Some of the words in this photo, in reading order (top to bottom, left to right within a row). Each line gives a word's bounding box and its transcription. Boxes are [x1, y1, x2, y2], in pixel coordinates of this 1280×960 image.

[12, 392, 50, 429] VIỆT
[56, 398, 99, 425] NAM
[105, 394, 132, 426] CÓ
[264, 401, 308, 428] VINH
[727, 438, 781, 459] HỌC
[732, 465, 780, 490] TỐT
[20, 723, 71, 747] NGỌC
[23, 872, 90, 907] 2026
——————————
The task calls for each record to be returned verbatim.

- _Exercise response_:
Some of the words in this photo, in reading order (top to bottom, left to right within a row). Each line gives a word's bounding box and its transcription. Boxes are [x1, y1, x2, y2], in pixel coordinates of this 1280×960 image.

[12, 392, 50, 429] VIỆT
[56, 398, 99, 425] NAM
[105, 394, 132, 426] CÓ
[264, 401, 308, 428] VINH
[727, 438, 781, 459] HỌC
[732, 465, 780, 490] TỐT
[20, 723, 71, 747] NGỌC
[23, 872, 90, 907] 2026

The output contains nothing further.